The summer of 1998 was life altering. I was entering 7th grade in a small school on the Lac du Flambeau Indian Reservation. And while other kids my age were out being kids, I was doing something drastically different.
At the tender age of 12, I was building a business – a technology-handyman business to be exact.
What I had discovered was that the surrounding area was predominately home for retirement age folks all in need of a little technology help. And I had an unwavering drive to become their solution. So with some initial referral help from my teachers and parents’ friends, I came in to gobble up market-share. Since this was pre-Geek Squad days, business was-a-booming!
Here I was, a middle-school kid garnishing upwards of a couple hundred bucks an hour for things I enjoyed so much I would have done for free…
And the following 6 years would prove to be a huge learning lesson in business, money management, marketing and living an a-typical life.
How I Did It (and How the Concepts Still Apply)
In retrospect, the growth of my business came through natural responses to the needs of that time. I wasn’t a mastermind in business or marketing. I simply applied common teenager-wanting-spending-money logic.
Hand-For-Hire
The first money I earned was from someone needing a simple – at least to me – computer task completed. And they offered to pay me. Eye opening, to say the least. I discovered that I could charge money to do something I already enjoyed doing. And would have normally done it for free.
At that age, I loved tinkering around with electronics. So the money was simply a bonus back then. But this concept has stayed with me ever since; find something you love to do and the money will naturally find its way to you.
Networking
Apparent to me now how necessary this skill is, but another natural step in my business was talking to others. I didn’t realize it at the time but I was a master networker. If I couldn’t find the solution for someone’s problem, I knew someone who did. And this willingness to help other business people out definitely came back tenfold. My phone was ringing off the hook with requests. Mostly from folks I never knew before. All wanted “the whiz kid” to help them out.
Marketing
I quickly found that people needed to contact me. So within the first few weeks of being in business I downloaded a freeware graphic design program and whipped out the above business card. In turn, I had 250 raised ink cards printed. Again, at the time I didn’t realize I was following fundamental business principles. In this case, how the impression high quality marketing collateral makes on someone. I, on the other hand, simply wanted something cool looking.
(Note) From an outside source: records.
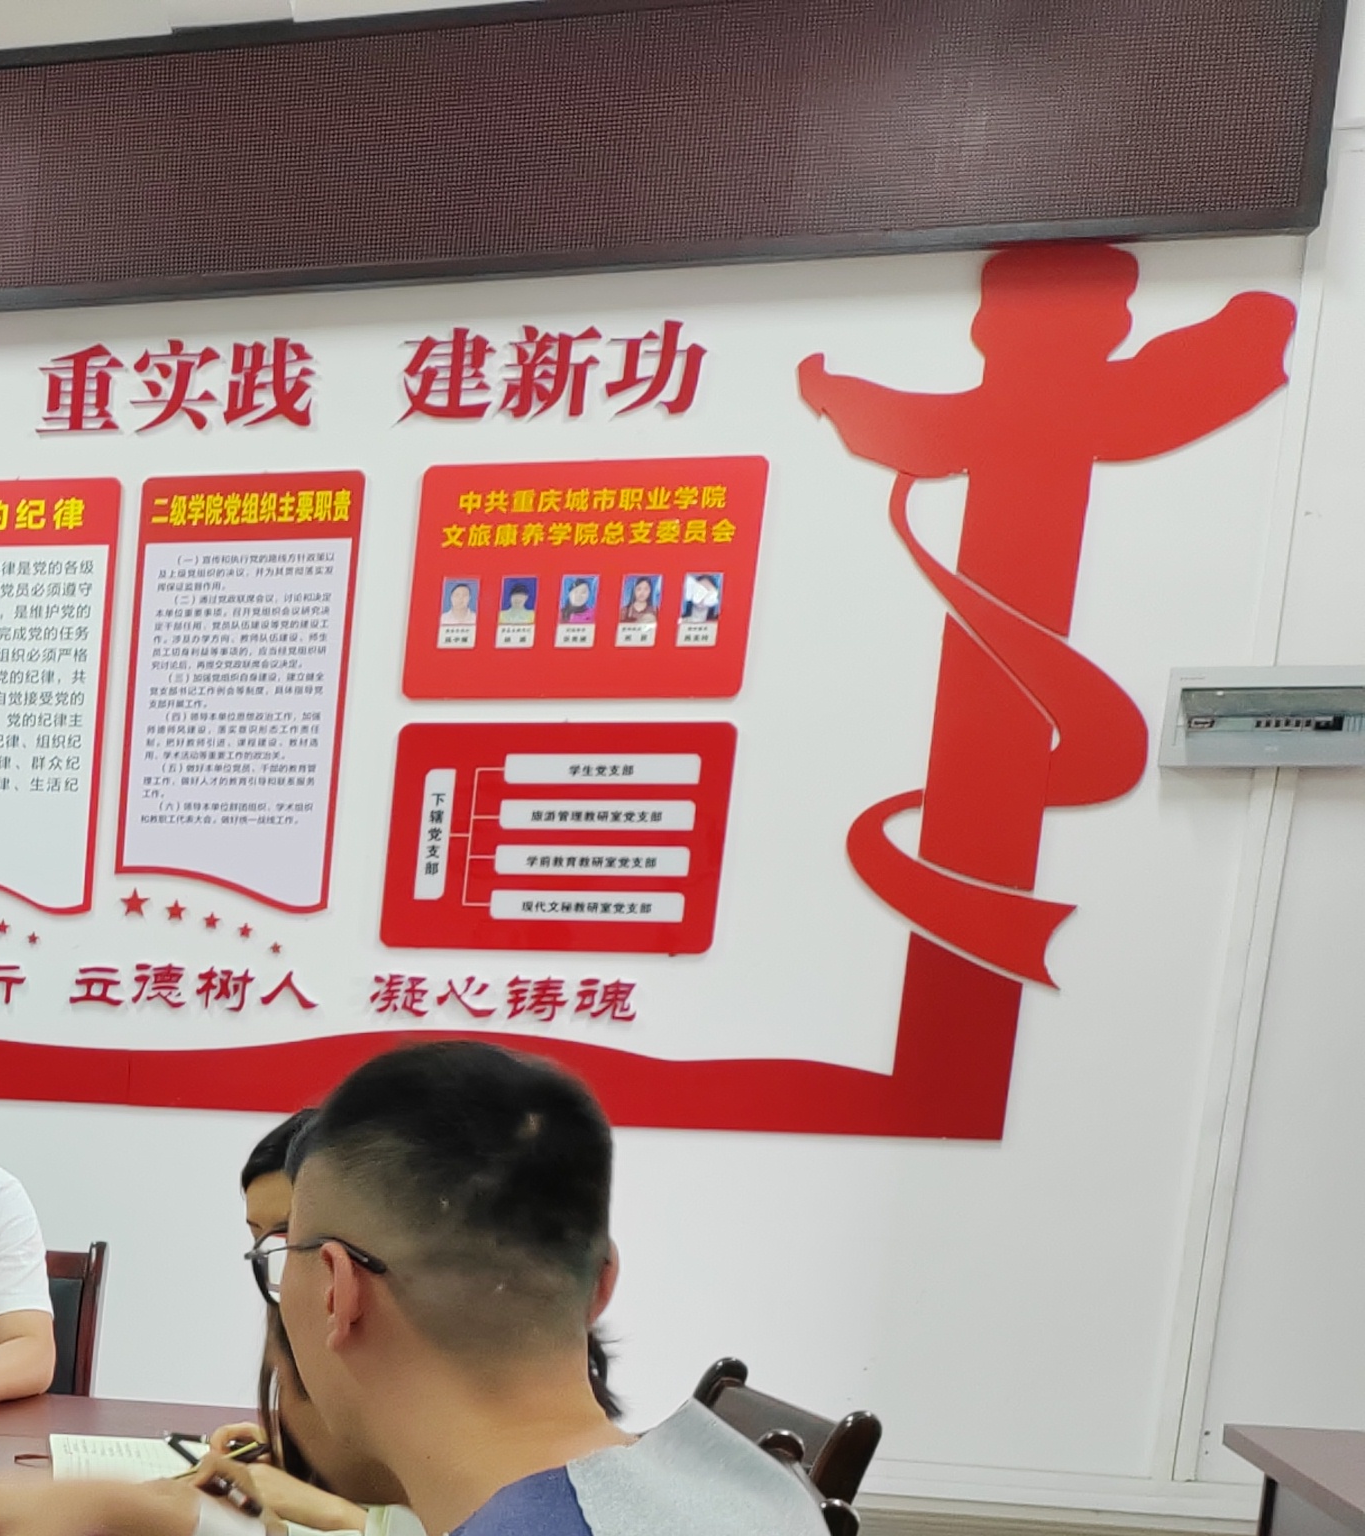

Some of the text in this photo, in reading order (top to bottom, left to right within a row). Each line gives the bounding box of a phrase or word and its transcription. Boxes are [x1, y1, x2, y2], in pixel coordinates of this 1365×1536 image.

[35, 336, 317, 436] 重实践
[394, 320, 708, 428] 建新功
[151, 489, 351, 526] 二级学院党组织主要职责
[459, 485, 727, 514] 中共重庆城市职业学院
[441, 518, 737, 548] 文旅康养学院总支委员会
[568, 764, 634, 777] 学生党支部
[530, 810, 663, 823] 旅游管理教研室党支部
[424, 793, 446, 876] 下辖党支部
[526, 855, 658, 869] 学前教育教研室党支部
[69, 962, 319, 1010] 立德树人
[369, 974, 638, 1022] 凝心铸魂
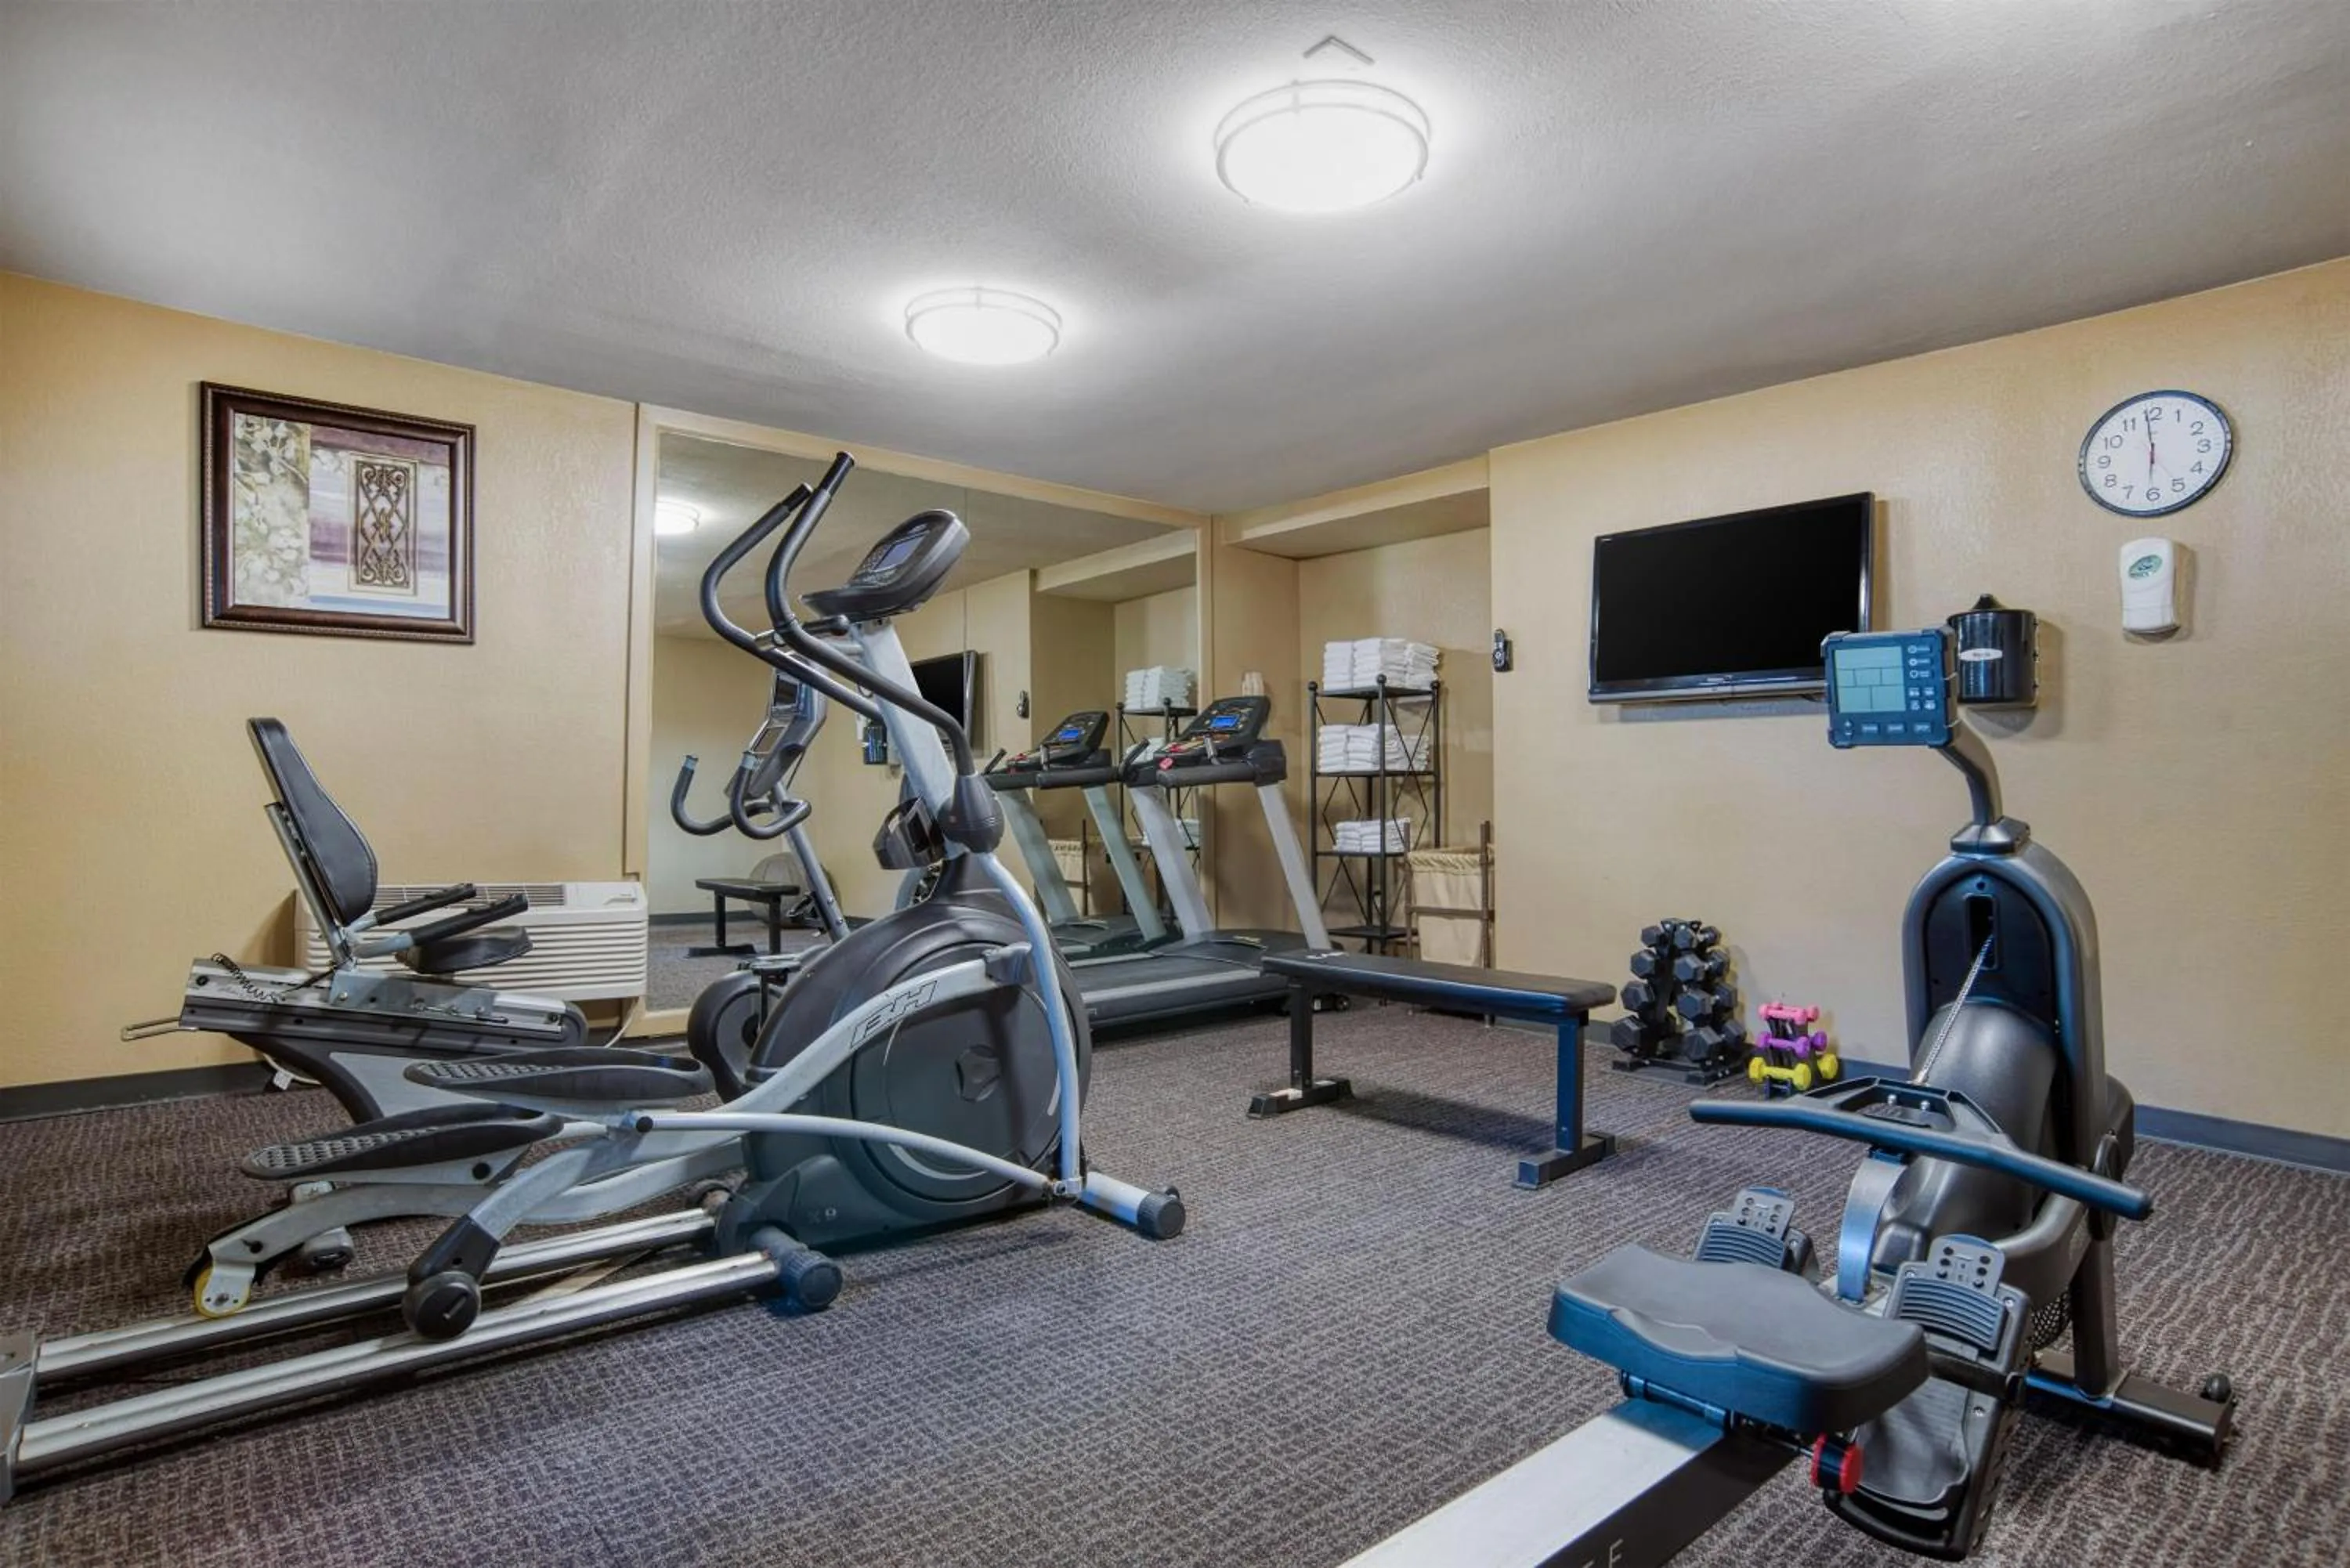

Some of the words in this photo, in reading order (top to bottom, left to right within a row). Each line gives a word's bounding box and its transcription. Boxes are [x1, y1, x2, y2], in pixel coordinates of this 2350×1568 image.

However, quickly after I started handing these out to teachers and friends, I found that a nice looking business card is a conversation starter. Commonly I would hear something to the effect of “Wow, these are nice! You must really care about your image.”
Another natural progression of my business was using the latest marketing strategies to promote my services. Consequently, I had bought Adobe GoLive and LiveMotion along with an 800 page HTML book… a few weeks later I had a website. And another service in my tool belt. I was now a sought-after website designer.
Nevertheless, after these huge business evolutionary steps, I was still doing everything in response to the needs of the marketplace. I wasn’t reinventing the wheel. But rather answering the local peoples’ needs.
The Teenage Business Owner
After a couple of years I continued slowly working at my business. And while this was the time of the Dot-Com era, where kids were receiving millions in VC money. I obviously wasn’t one of them. (In actuality living on a tiny indian reservation in Northern Wisconsin, I really didn’t know that was going on) But by this time I had become a 14-year-old business owner with adults requesting my services. It felt pretty good.
For example, I had branched out my web business to include products such as reselling of site hosting. And I had clients both locally and in the cities of New York and Chicago. Little did those companies know that the person faxing the monthly invoice was a 14-year-old boy.
All-in-all, I had accidentally created multiple streams of cash flow, built a technology expert image in my community and ultimately ensured that I would never have a “40-hour-work-week” career path. Looking back at my teen years, it was a pretty remarkable turn of events.
The Outcome?
Caveat: I was an immature kid; so don’t hold this against me.
I did what most kids with little financial responsibility would do, I spent most of my earnings on ridiculous things:
- A fully modified car complete with PS2 & XBOX (in the days when most people didn’t have these gaming systems in their homes, my friends and I were playing Grand Theft Auto in the high school parking lot)
- Countless foot-long Abercrombie & Fitch, Express and Banana Republic receipts
- Custom in-home technology that would still make most techies drool
- Top-of-the-line golfing, fishing, biking and other sport gear
- The list continues… but it depresses me, so I’ll stop
However…
I did open an Ameritrade account and invested a portion of the money, buying some extraordinary growth companies (eg. Hanson Naturals – before they created Monster Energy Drink and Registry Magic – before they created WAP security for bluetooth technology), thus launching me into a life of investing. But that will be a future post…
Conclusion
The learning experience of earning all this money and becoming a well-known technology expert as well as building a strong entrepreneurial foundation was invaluable. There is no way that I would be where I am today, if it hadn’t been for this early success in life.
I hope you were able to take something valuable away from my story. Thanks for reading!